━━━━━ MATERIAL FOR THIS TASK
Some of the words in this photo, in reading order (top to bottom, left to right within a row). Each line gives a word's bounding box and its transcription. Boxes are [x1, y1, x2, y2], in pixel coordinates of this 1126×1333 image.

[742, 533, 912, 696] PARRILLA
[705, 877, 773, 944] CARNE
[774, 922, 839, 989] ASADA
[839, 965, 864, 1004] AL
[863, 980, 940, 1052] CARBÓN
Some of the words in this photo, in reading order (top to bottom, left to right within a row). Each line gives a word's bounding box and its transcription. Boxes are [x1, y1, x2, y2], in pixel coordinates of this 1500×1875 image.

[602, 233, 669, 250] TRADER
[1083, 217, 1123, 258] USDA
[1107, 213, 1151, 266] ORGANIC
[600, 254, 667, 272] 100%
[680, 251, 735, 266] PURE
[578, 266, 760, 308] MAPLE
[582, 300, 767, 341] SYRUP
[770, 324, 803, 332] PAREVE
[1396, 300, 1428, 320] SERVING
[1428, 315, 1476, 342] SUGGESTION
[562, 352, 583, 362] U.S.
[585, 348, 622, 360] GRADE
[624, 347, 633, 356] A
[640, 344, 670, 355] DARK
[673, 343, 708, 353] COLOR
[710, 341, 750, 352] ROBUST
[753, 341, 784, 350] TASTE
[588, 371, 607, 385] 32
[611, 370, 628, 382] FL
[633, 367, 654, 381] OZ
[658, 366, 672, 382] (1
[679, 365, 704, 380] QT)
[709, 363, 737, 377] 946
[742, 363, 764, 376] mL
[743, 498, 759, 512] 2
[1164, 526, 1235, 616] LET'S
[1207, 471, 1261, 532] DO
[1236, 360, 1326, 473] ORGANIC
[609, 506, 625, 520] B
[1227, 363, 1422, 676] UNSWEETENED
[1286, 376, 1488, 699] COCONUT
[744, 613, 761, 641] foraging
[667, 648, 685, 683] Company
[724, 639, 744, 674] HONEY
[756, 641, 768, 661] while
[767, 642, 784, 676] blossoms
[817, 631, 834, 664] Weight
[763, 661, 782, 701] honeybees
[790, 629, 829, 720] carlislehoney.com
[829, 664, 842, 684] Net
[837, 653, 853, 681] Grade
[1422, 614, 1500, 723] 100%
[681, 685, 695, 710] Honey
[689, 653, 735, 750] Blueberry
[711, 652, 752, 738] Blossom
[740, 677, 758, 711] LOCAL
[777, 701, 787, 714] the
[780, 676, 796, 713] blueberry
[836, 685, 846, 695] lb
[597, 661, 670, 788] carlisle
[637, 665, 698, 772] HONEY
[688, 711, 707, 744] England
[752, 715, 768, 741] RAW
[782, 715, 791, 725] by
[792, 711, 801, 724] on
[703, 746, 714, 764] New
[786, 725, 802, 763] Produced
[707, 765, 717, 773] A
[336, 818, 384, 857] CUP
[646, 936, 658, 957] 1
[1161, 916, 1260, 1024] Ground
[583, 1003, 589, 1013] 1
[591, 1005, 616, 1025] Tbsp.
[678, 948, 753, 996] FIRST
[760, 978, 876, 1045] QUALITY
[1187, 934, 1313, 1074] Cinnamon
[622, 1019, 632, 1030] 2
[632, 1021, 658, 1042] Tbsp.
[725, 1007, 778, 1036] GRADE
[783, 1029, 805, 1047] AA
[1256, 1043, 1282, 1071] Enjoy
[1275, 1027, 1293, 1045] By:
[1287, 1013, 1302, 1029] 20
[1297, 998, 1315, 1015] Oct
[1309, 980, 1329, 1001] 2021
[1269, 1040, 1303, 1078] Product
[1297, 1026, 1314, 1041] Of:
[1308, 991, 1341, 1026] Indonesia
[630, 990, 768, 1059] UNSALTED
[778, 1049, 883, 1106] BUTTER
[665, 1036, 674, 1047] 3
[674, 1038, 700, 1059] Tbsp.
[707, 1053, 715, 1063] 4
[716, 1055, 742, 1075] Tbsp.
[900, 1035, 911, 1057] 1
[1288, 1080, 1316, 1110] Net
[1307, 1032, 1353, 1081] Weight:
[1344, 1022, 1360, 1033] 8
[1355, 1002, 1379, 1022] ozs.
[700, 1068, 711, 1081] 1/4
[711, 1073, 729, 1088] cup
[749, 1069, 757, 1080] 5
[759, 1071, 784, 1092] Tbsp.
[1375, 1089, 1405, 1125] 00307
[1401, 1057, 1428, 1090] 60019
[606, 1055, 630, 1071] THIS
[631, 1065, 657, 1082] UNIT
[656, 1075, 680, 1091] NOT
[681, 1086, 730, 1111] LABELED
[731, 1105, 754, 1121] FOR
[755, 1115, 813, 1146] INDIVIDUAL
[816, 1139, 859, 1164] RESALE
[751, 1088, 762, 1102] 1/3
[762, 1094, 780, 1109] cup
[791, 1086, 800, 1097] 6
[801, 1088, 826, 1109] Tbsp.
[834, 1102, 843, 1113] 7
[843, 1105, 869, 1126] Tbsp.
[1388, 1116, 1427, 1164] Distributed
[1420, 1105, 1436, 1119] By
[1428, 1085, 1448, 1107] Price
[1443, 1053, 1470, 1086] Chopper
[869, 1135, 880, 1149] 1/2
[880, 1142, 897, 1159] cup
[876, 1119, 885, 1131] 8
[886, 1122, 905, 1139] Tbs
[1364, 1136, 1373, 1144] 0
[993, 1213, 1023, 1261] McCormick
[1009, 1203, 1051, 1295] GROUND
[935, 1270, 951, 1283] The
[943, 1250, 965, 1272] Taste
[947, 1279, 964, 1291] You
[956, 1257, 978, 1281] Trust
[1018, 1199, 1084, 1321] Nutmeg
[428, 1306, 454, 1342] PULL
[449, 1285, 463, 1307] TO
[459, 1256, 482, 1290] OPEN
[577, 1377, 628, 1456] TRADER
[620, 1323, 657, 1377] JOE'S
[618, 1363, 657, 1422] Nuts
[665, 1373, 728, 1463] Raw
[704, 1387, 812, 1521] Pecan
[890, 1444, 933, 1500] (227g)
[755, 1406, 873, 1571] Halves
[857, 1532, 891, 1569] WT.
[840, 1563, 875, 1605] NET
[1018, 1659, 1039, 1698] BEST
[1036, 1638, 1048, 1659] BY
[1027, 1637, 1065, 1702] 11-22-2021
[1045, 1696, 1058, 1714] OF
━━━━━━━━━━
> [WHAT YOU SHOULD DO]:
Which lines in the listing hold the word "Tbsp"? Copy them out.

> [SOLVED EXERCISE]:
[591, 1005, 616, 1025] Tbsp.
[632, 1021, 658, 1042] Tbsp.
[674, 1038, 700, 1059] Tbsp.
[716, 1055, 742, 1075] Tbsp.
[759, 1071, 784, 1092] Tbsp.
[801, 1088, 826, 1109] Tbsp.
[843, 1105, 869, 1126] Tbsp.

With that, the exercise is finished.